The precious metal then began an upward rising trend lasting through early-2006, defined by both buyers and sellers emerging at higher and higher intervals (magenta lines).

In early-2006, gold broke higher through its upper boundary as buyers overwhelmed sellers (red callout). Notice how following the breakout, the former resistance trend acted as support on no less than six occasions, including the 2008 crash low at $680, the 2015 bottom at $1,045, and the 2018 bottom at $1,185. Support-turned-resistance is a common theme in technical analysis, as second-chance buyers emerge when an asset falls back to a key breakout level.

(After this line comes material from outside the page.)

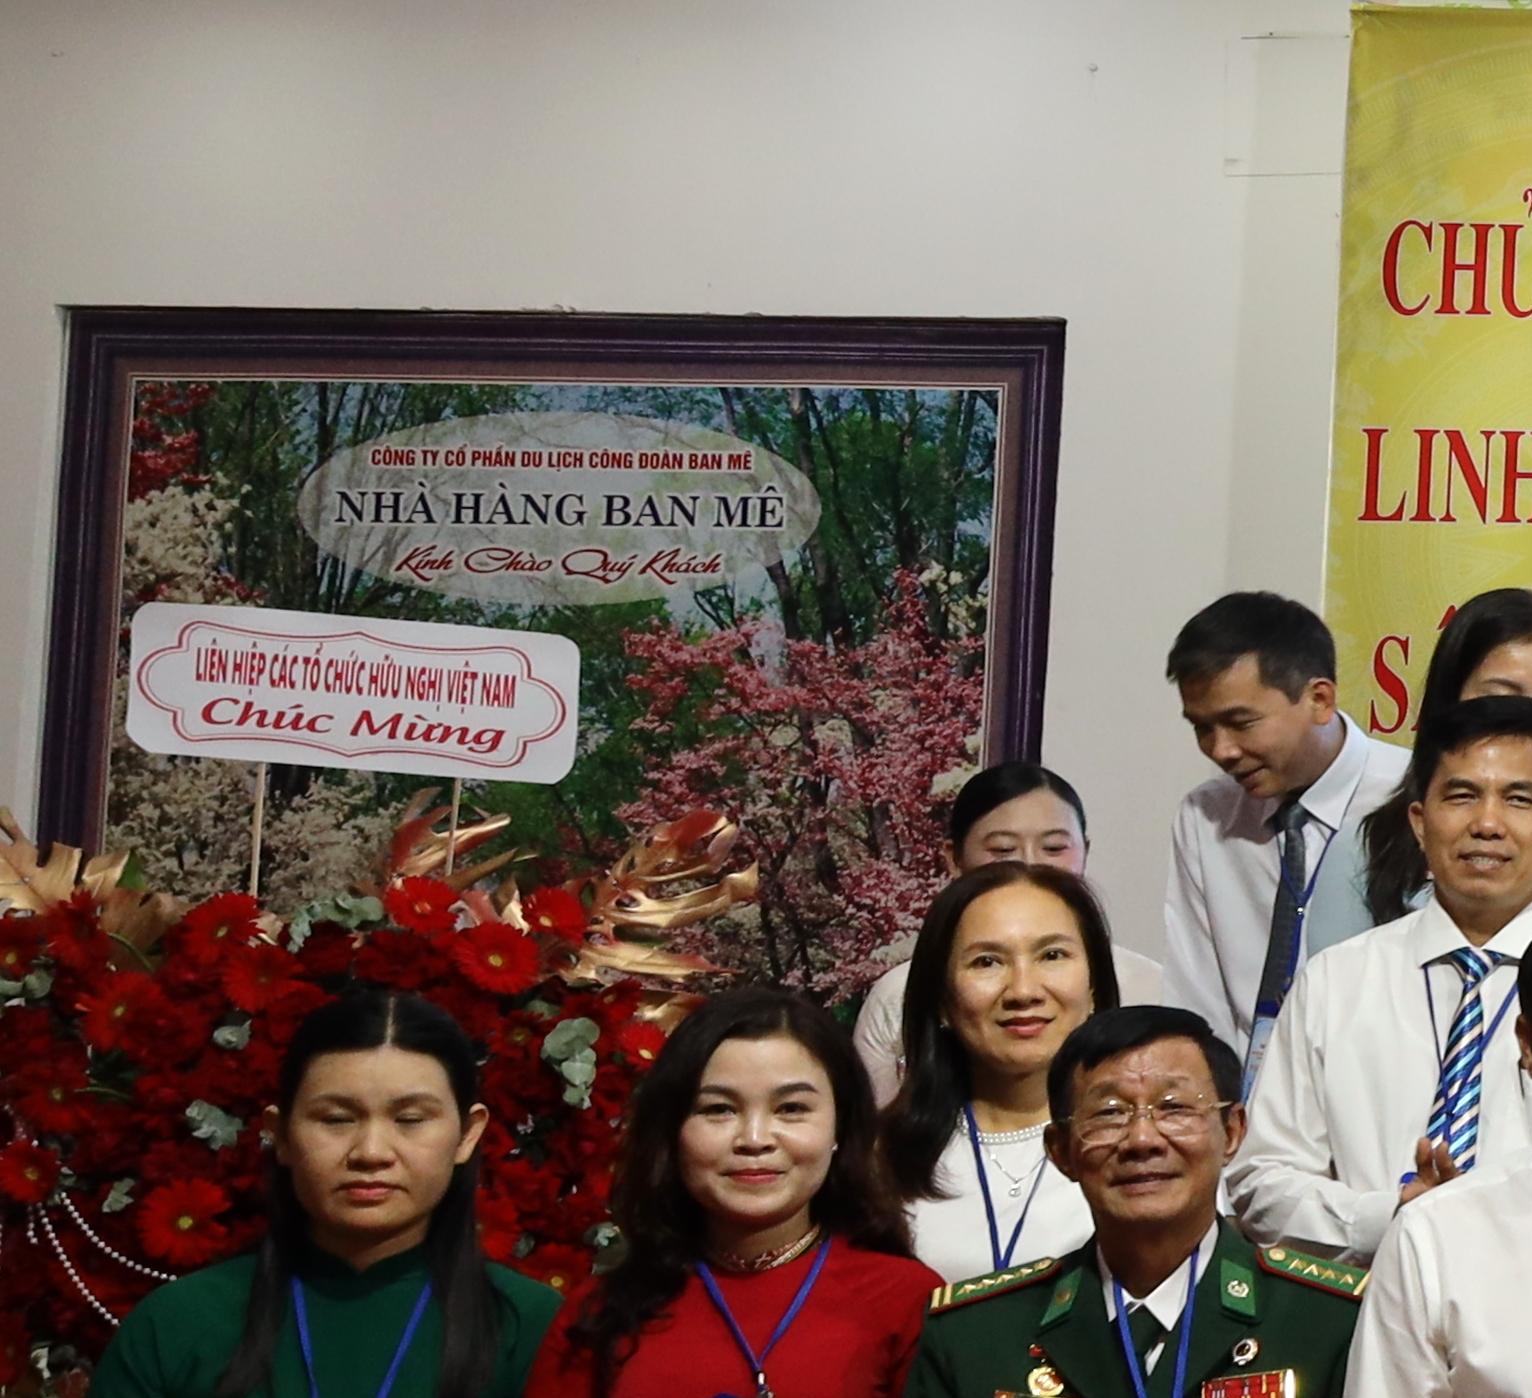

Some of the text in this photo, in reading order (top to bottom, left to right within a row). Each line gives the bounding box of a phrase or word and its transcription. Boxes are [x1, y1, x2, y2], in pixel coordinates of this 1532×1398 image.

Following gold’s all-time peak in 2011 at $1,923 per ounce, the precious metal retraced nearly 50% to bottom at $1,045 in December 2015. In sum, gold spent nearly 6 years basing (2013 – 2019) below the key $1,434 level (black lines), before finally breaking out in June 2019 (red callout).

Gold Approaches Long-Term Resistance

Gold is now approaching two separate long-term resistance levels.

  1. (Upper blue lines) – Since the 2018 low at $1,185 per ounce, gold has witnessed a rising trend of sellers emerge every several months, labeled Primary Rising Resistance. Note how each time gold approaches this zone, it is rejected by sellers. Gold is approaching the blue resistance zone once again as this article is going to press. As the trend is rising, the sellers are expected to emerge at $1,800 by July.
  2. (Horizontal black lines) – Gold is also approaching significant horizontal resistance dating back to 2011 – 2012. Note how in the years surrounding gold’s all-time peak, the precious metal was rejected on three separate occasions each time it approached the $1,800 zone. We strongly expect that former buyers from this $1,800 resistance zone will be using the current rally to sell near break-even as gold once again approaches this level.

In sum, there are two important long-term resistance levels converging in the $1,800 region.

Gold Approaches Long-Term Target

A third target also corresponds with the $1,800 resistance region for gold.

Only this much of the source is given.